Background: A C825T polymorphism was recently identified in the human gene encoding for the beta(3)-subunit of heterotrimeric G proteins. The 825T allele is associated with a splice variant of Gbeta(3) and enhanced signal transduction. We hypothesized that patients carrying the 825T allele exhibit the modified Gbeta(3) phenotype. The resulting enhancement of signal transduction should be detectable in the Gbetagamma-dimer-mediated acetylcholine-stimulated K(+) current (I(K,ACh)).

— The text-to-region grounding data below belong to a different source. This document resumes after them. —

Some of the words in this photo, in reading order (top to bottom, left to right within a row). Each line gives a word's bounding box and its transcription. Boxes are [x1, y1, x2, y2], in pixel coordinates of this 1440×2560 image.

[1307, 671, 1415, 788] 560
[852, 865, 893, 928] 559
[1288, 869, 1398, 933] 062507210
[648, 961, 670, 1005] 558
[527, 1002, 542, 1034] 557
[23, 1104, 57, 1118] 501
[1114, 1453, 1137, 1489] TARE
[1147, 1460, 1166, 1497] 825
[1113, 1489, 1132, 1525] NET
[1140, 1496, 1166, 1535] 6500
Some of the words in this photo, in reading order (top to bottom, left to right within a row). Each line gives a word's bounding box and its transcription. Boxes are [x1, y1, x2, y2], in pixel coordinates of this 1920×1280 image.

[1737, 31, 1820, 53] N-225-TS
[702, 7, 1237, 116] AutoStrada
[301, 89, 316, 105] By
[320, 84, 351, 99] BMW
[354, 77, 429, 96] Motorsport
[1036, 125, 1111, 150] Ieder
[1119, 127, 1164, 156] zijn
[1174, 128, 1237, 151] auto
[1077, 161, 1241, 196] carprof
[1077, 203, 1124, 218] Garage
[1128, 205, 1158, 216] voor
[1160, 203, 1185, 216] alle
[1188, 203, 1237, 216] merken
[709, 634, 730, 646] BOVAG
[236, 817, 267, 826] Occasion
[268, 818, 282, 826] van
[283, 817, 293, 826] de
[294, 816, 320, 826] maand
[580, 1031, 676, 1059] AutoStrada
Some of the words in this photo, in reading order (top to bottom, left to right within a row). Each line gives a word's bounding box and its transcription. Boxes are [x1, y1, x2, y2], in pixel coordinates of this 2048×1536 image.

Methods and results: Seventy patients undergoing cardiac surgery were genotyped for the C825T polymorphism. In right atrial myocytes from these patients, the inward rectifier K(+) currents (I(K1), I(K,ACh)) were studied with the whole-cell patch-clamp technique. Background current I(K1) was measured with depolarizing ramp pulses and quantified as inward current at -100 mV; mean amplitudes were (pA/pF) 4.98+/-0.49 (n=30/93 patients/cells) in patients with CC genotype, 4.25+/-0.36 (n=31/121 patients/cells) with TC, and 7. 46+/-1.14 (n=9/32 patients/cells; P<0.05) with TT. Conversely, mean I(K,ACh), which is maximally activated by carbachol (2 micromol/L), was reduced in patients with TT genotype (pA/pF, 4.30+/-1.33, n=9/27 patients/cells; P<0.05) compared with the other 2 groups (6.56+/-0. 54, n=30/80 and 6.16+/-0.45, n=31/117 patients/cells, for CC and TC genotype, respectively). Essentially similar results were obtained with adenosine (1 mmol/L).
Conclusions: We found an association between the Gbeta(3) 825T allele and amplitude of human atrial I(K1) and I(K,ACh). Increased background current density in TT carriers could shorten action potential duration and may be due to I(K,ACh) being constitutively active in this genotype.